Прибытие императорской свиты было благоприятным моментом для любого города. Можно было установить контакты и устойчивую линию связи с самим императором, а также с его приближенными. Можно было просить об одолжении. Это могли быть титулы – Колония, Метрополия, Первый, Величайший, Самый Красивый, Смотритель Храма – всё это было полезно в непрекращающейся борьбе за статус между соседними городами, или эти титулы могли принести больше материальных выгод: право быть центром судебных разбирательств (что увеличивало доходы, поскольку приносило городу тяжущихся и других лиц), или расширить городской совет (советники платили взносы), или, что лучше всего, свобода от налогообложения. С другой стороны, появление императора влекло за собой расходы и потенциальные беды. Всех этих придворных, чиновников, слуг и солдат нужно было разместить и снабдить провизией, а наиболее важных из них – развлечь. Расквартированные войска всегда доставляли неприятности: они занимались грабежом и насилием. И, в случае недовольства, вместо наград император мог назначить наказания: потерю статуса и штрафы для города, изгнание или смерть для отдельных лиц. В самом худшем случае он мог бы натравить солдат на граждан и начать резню, как Каракалла в Александрии. Таким образом, прибытие императора всегда было временем крайней напряженности для города [Harry Sidebottom: The Mad Emperor. Heliogabalus and the Decadence of Rome. Oneworld, London 2022. 5.155].
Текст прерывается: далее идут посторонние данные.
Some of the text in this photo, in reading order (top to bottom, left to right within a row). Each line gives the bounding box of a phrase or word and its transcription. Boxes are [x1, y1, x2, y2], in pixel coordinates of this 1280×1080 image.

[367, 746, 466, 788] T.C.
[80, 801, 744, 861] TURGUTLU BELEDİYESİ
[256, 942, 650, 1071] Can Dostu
К зиме войска и двор Гелиогабала собрались в Никомедии. И вот там юный Гелиогабал, по словам Геродиана, сразу же начал демонстрировать римлянам и грекам свой новый религиозный пыл и привычки. Вполне очевидно, что эмесенские ритуалы на Востоке были давно знакомы и не вызвали бы такого возмущения. Значит, там было нечто иное. В общем, Гелиогабал, вместо занятий государственными делами, начал справлять свой культ Элагабала, чёрный камень которого он взял с собой из Эмесы. Он с упоением плясал в его храме под звуки флейты и тимпанов. Одевался он в пышные восточные наряды из китайского шёлка, увешивая себя драгоценностями. Римскую и греческую одежду он откровенно презирал и явно демонстрировал это окружающим. [Геродиан. История V, 5–6].
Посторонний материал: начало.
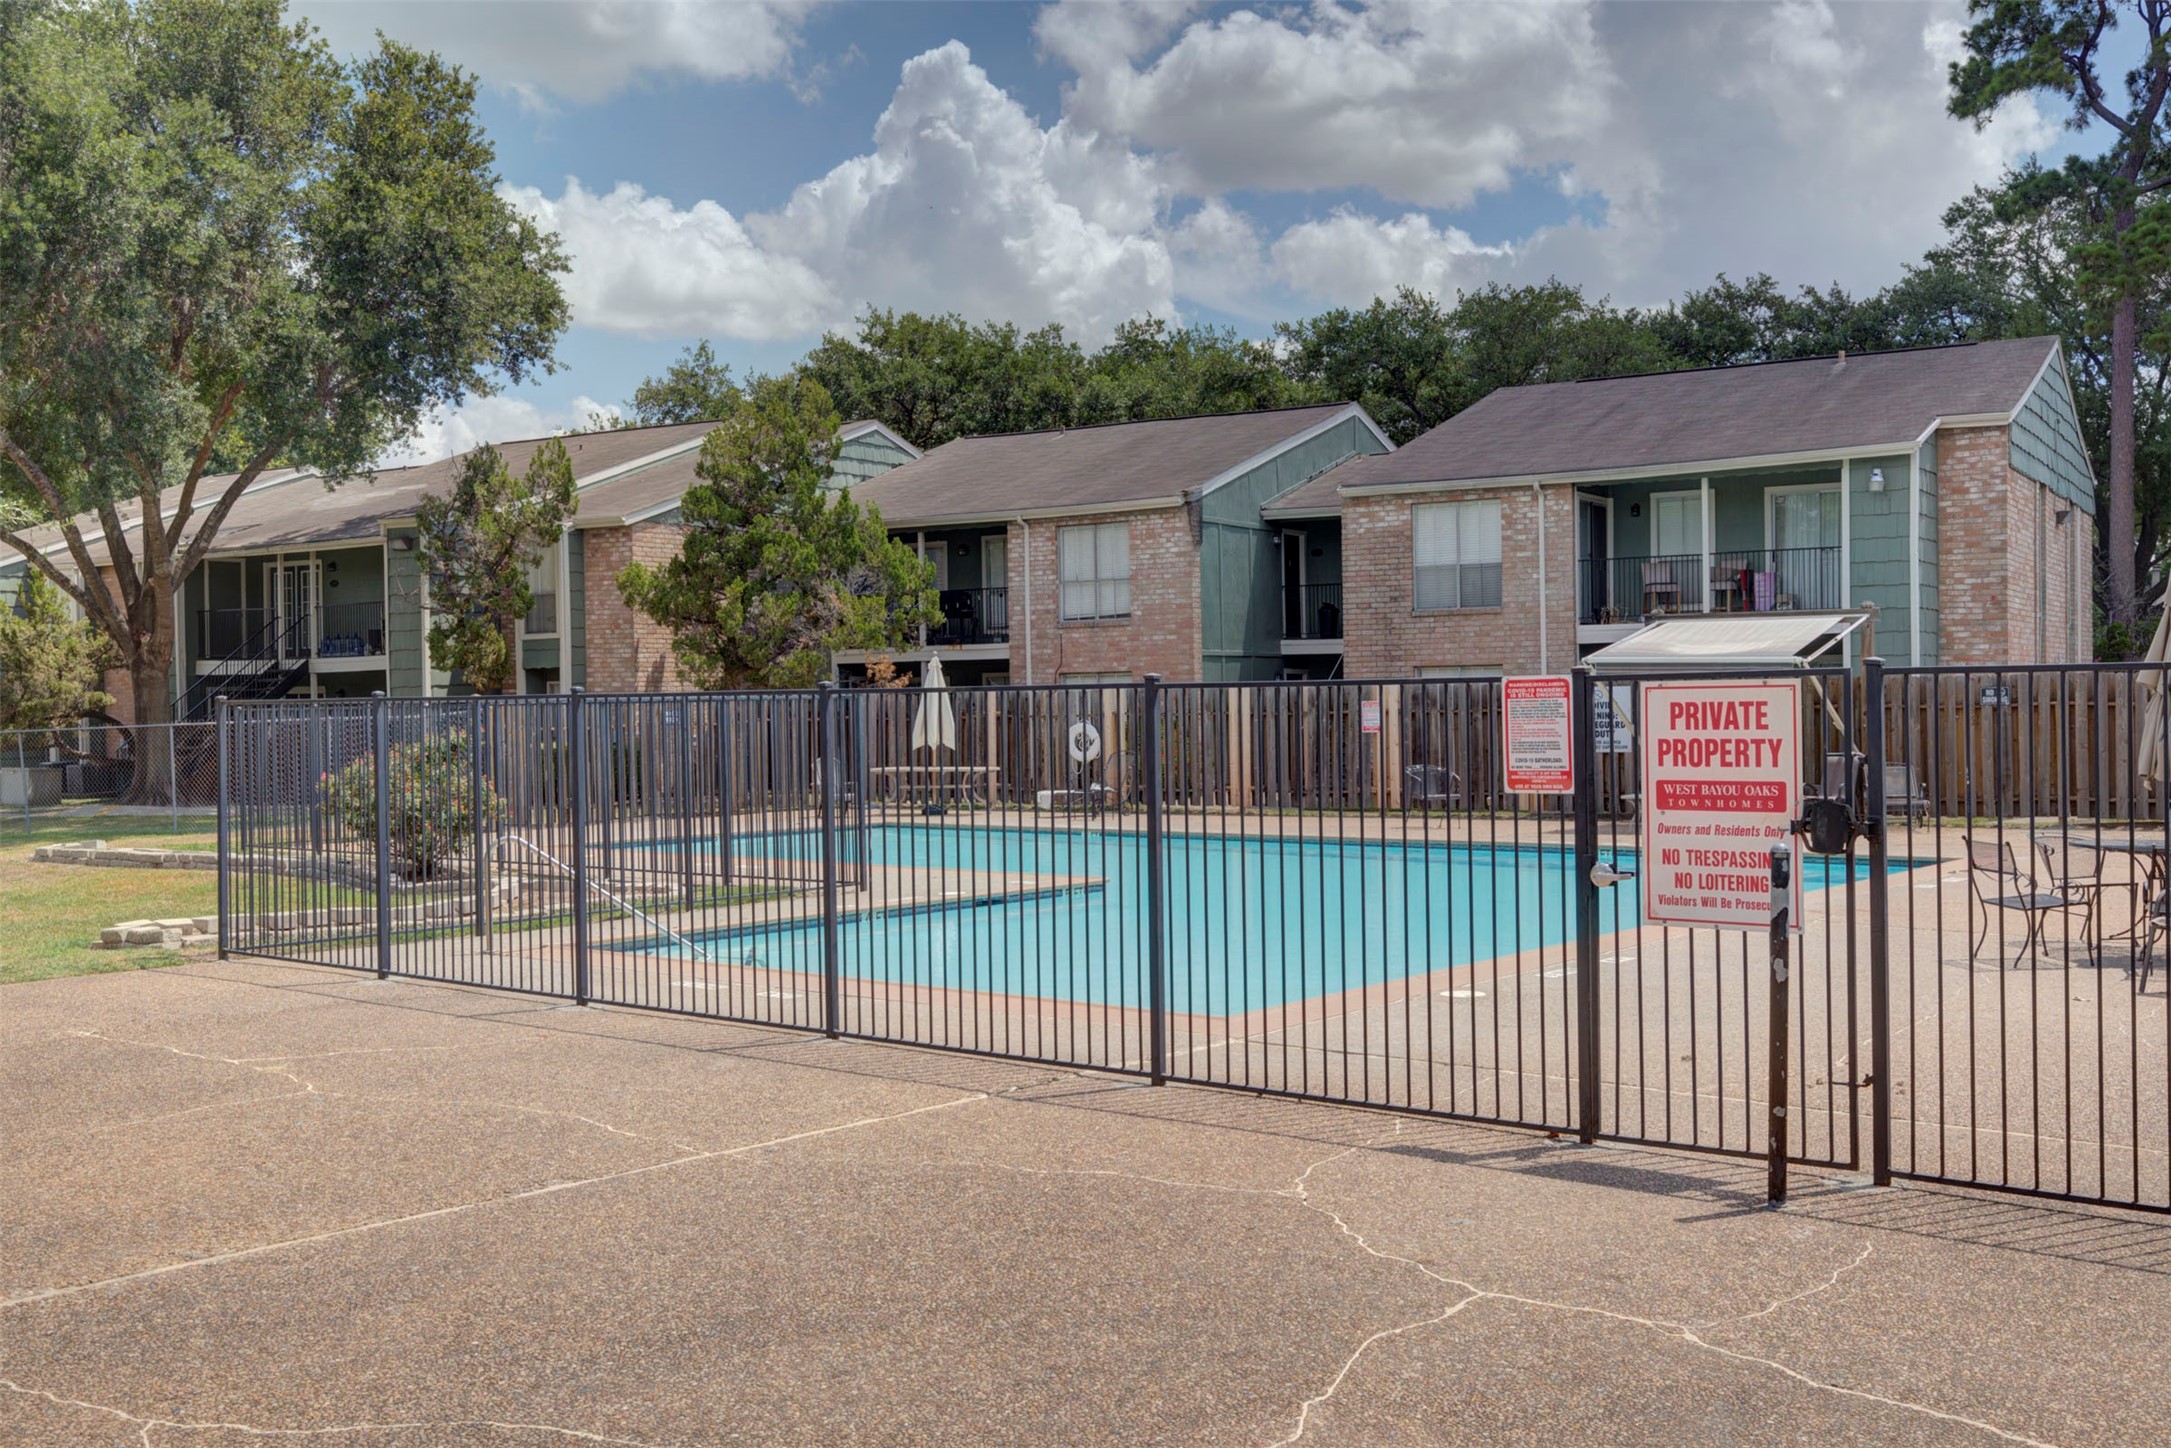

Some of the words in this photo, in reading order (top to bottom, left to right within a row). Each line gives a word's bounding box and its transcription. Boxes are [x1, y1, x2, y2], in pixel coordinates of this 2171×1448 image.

[1670, 701, 1769, 730] PRIVATE
[1658, 738, 1783, 768] PROPERTY
[1664, 784, 1698, 795] WEST
[1701, 784, 1741, 796] BAYOU
[1744, 785, 1779, 796] OAKS
[1668, 798, 1774, 809] TOWNHOMES
[1658, 823, 1691, 835] Owners
[1695, 824, 1711, 835] and
[1714, 824, 1761, 837] Residents
[1764, 826, 1785, 839] Only
[1662, 848, 1680, 865] NO
[1686, 849, 1772, 869] TRESPASSIN
[1675, 872, 1692, 889] NO
[1699, 873, 1769, 893] LOITERING
[1658, 894, 1697, 907] Violators
[1701, 896, 1717, 908] Will
[1721, 898, 1732, 909] Be
[1736, 899, 1771, 911] Prosecu
Лампридий утверждает, что Гелиогабал уже там, во время зимовки в Никомедии, занимался всяким грязным развратом, отдаваясь мужчинам и ведя себя по-свински [АЖА. Антонин Гелиогабал V, 1]. Мы понимаем, что Лампридий – предвзятый источник и может преувеличивать, однако, его текст вполне укладывается в нашу версию извращения Гелиогабалом культа своего бога. Лампридий ведь потому и возмущается, что в официальном культе Элагабала ничего подобного не было.
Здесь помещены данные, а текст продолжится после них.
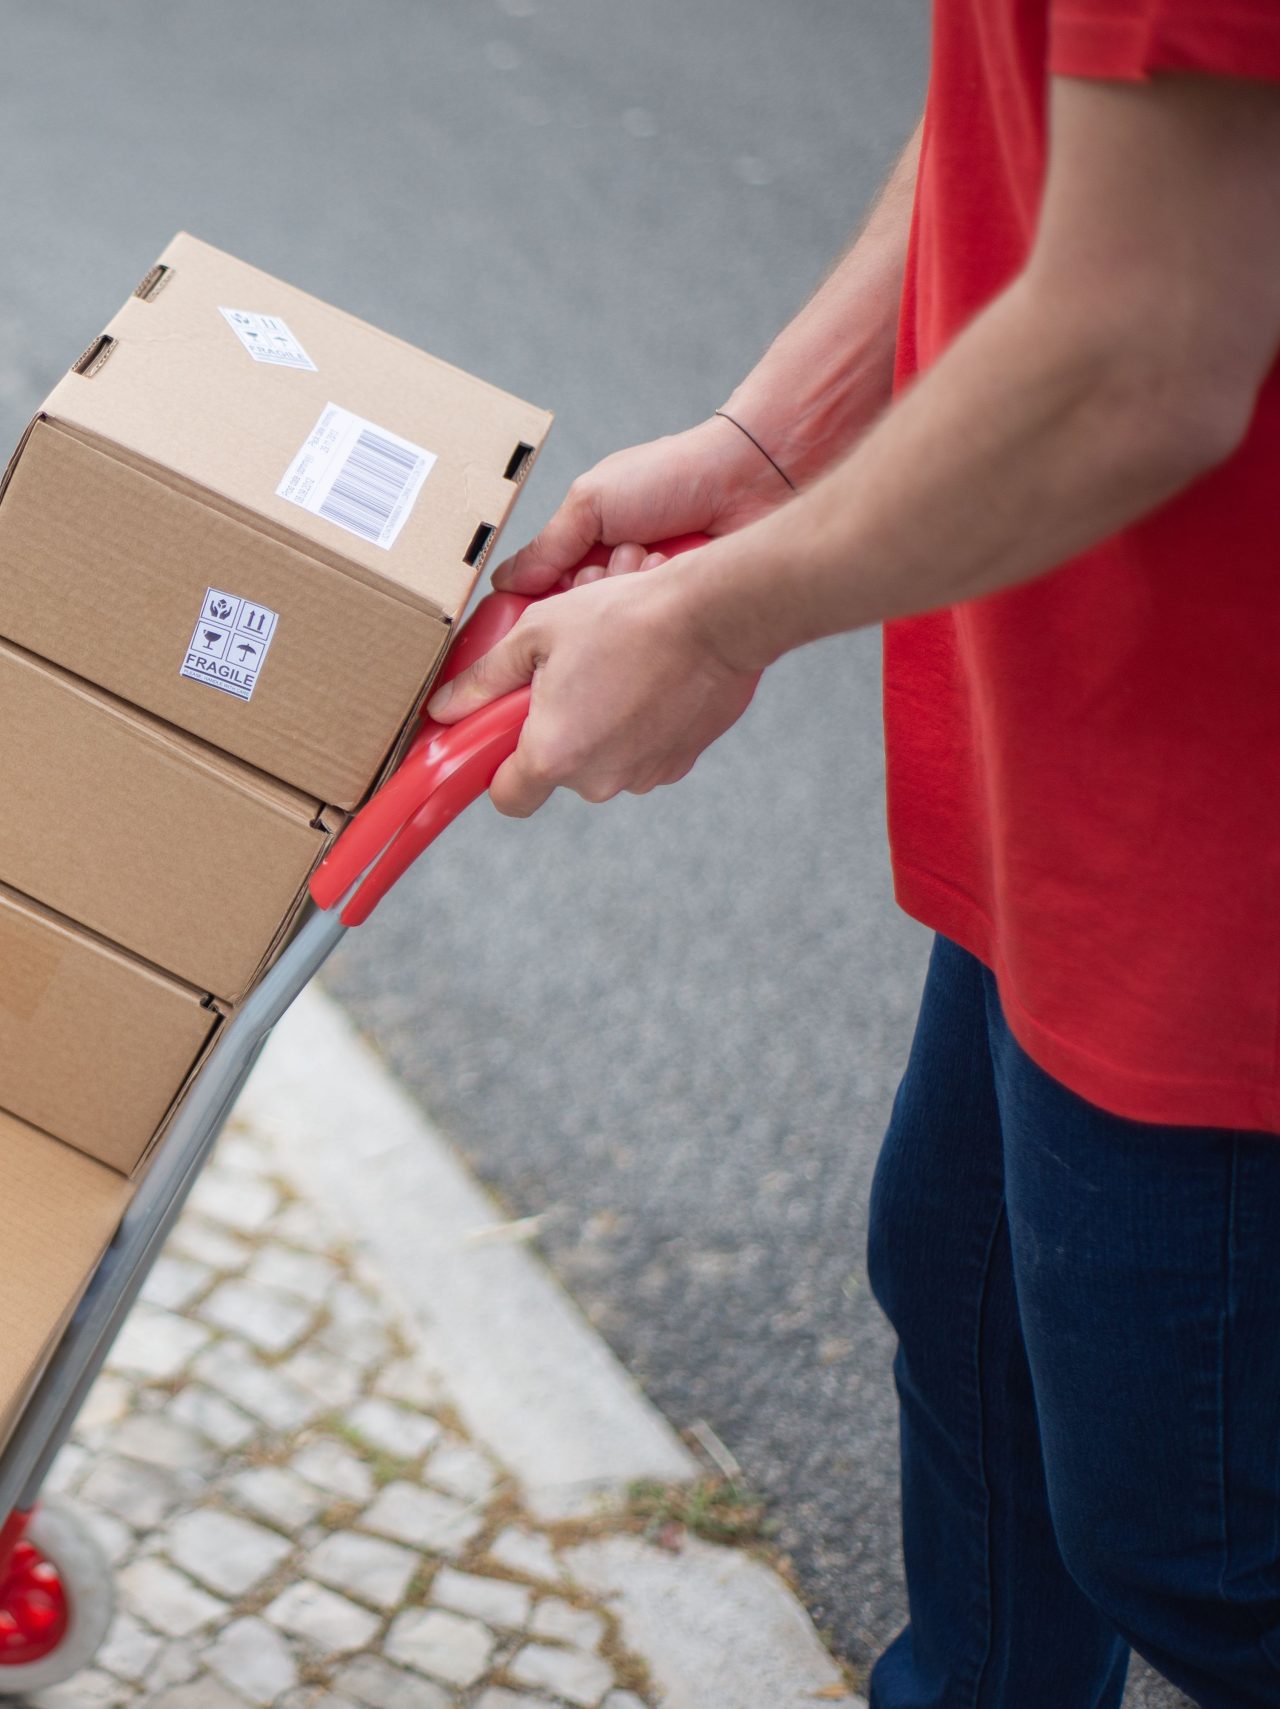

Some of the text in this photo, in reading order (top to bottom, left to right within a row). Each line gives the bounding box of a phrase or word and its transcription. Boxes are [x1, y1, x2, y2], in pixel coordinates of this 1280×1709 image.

[248, 345, 305, 359] FRAGILE
[186, 654, 254, 687] FRAGILE
[204, 676, 223, 685] HANDLE
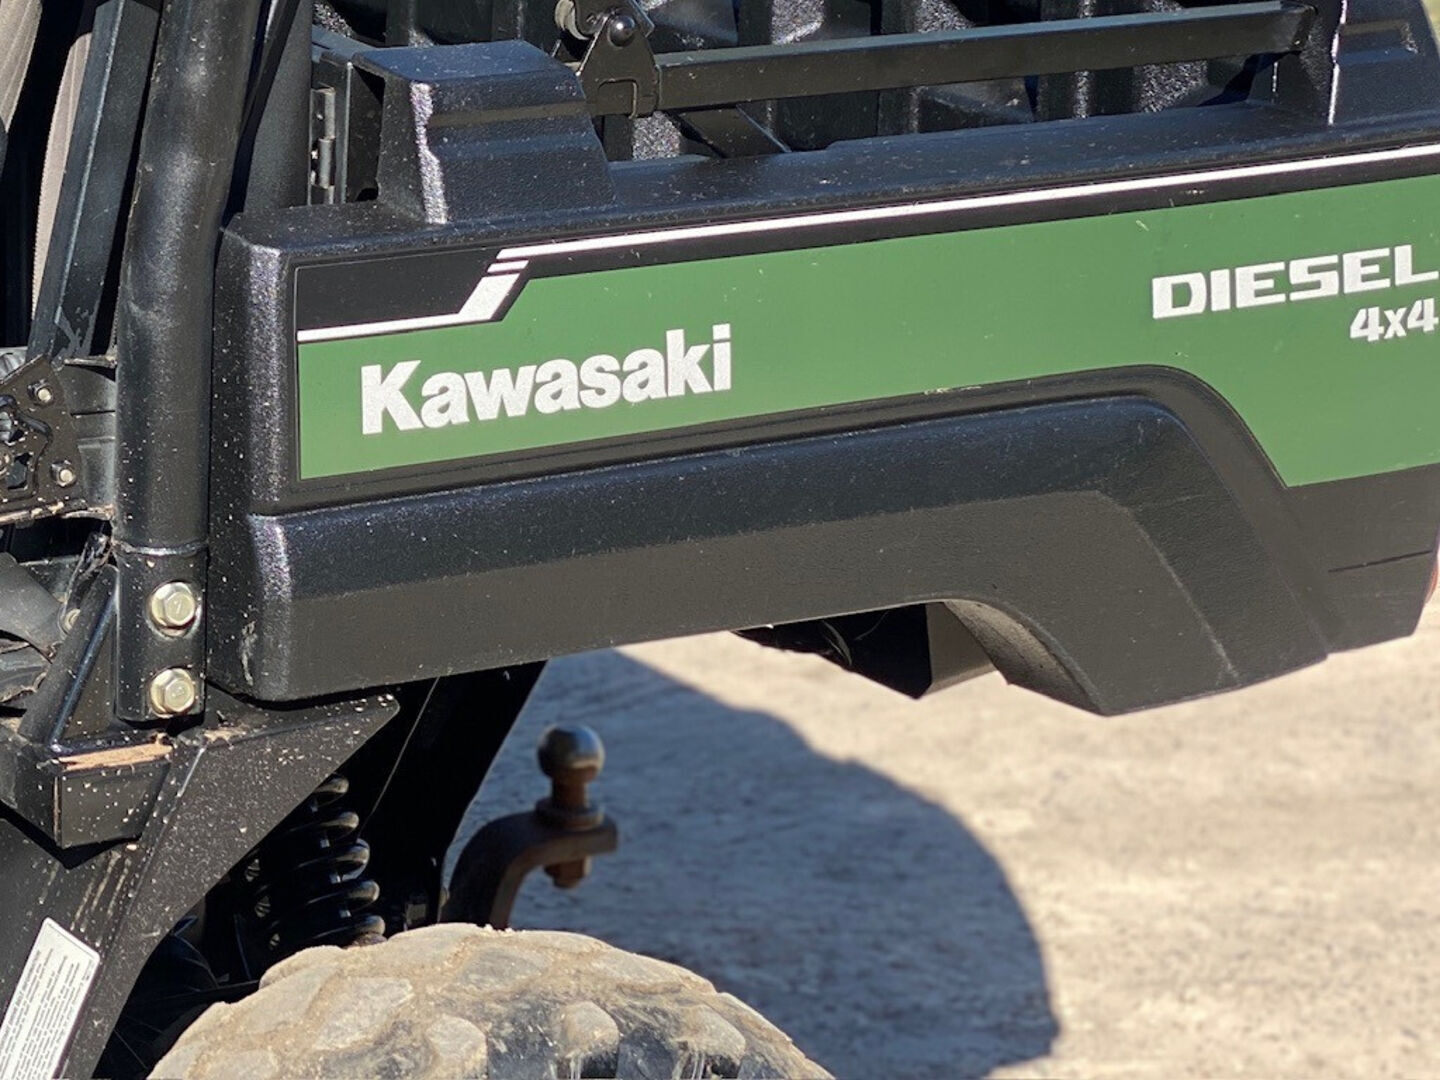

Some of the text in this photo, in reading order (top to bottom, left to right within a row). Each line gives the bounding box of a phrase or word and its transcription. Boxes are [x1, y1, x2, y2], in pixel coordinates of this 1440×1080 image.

[1151, 244, 1439, 320] DIESEL
[1349, 297, 1439, 342] 4x4
[361, 323, 731, 435] Kawasaki
Отметим, что Гелиогабал стал, пожалуй, самым скандальным из римских императоров, причём настолько, что раньше всегда безоговорочно служил примером наихудшего из возможных правителей (хуже Калигулы, Нерона и Коммода), а сегодня в историческом сообществе стала явно преобладать тенденция к его обелению и оправданию, сопровождающаяся неистовой критикой античных источников, якобы лживо и предвзято отнесшихся к этому человеку. Однако, похоже, что римляне знали, о чём говорили. По ходу рассказа о правлении Гелиогабала мы попробуем разобраться в его сущности, характере и поведении. Как пишет Гарри Сайдботтом, наряду с сексом, смертью и декадансом, история Гелиогабала является идеальной призмой, через которую можно рассматривать другие вопросы, имевшие центральное значение для императорского Рима. Каковы были пределы политической власти? Насколько далеко правитель должен вмешиваться в жизнь своих подданных? Что на самом деле должен был делать император? Что представляет собой религиозный экстремизм? Когда достойное восхищения благочестие превратилось в суеверие и опасный фанатизм? Как создавалась этническая принадлежность? Ненавидели ли Гелиогабала за то, что он был сирийцем? Были ли римляне расистами? Эти вопросы мы и рассмотрим.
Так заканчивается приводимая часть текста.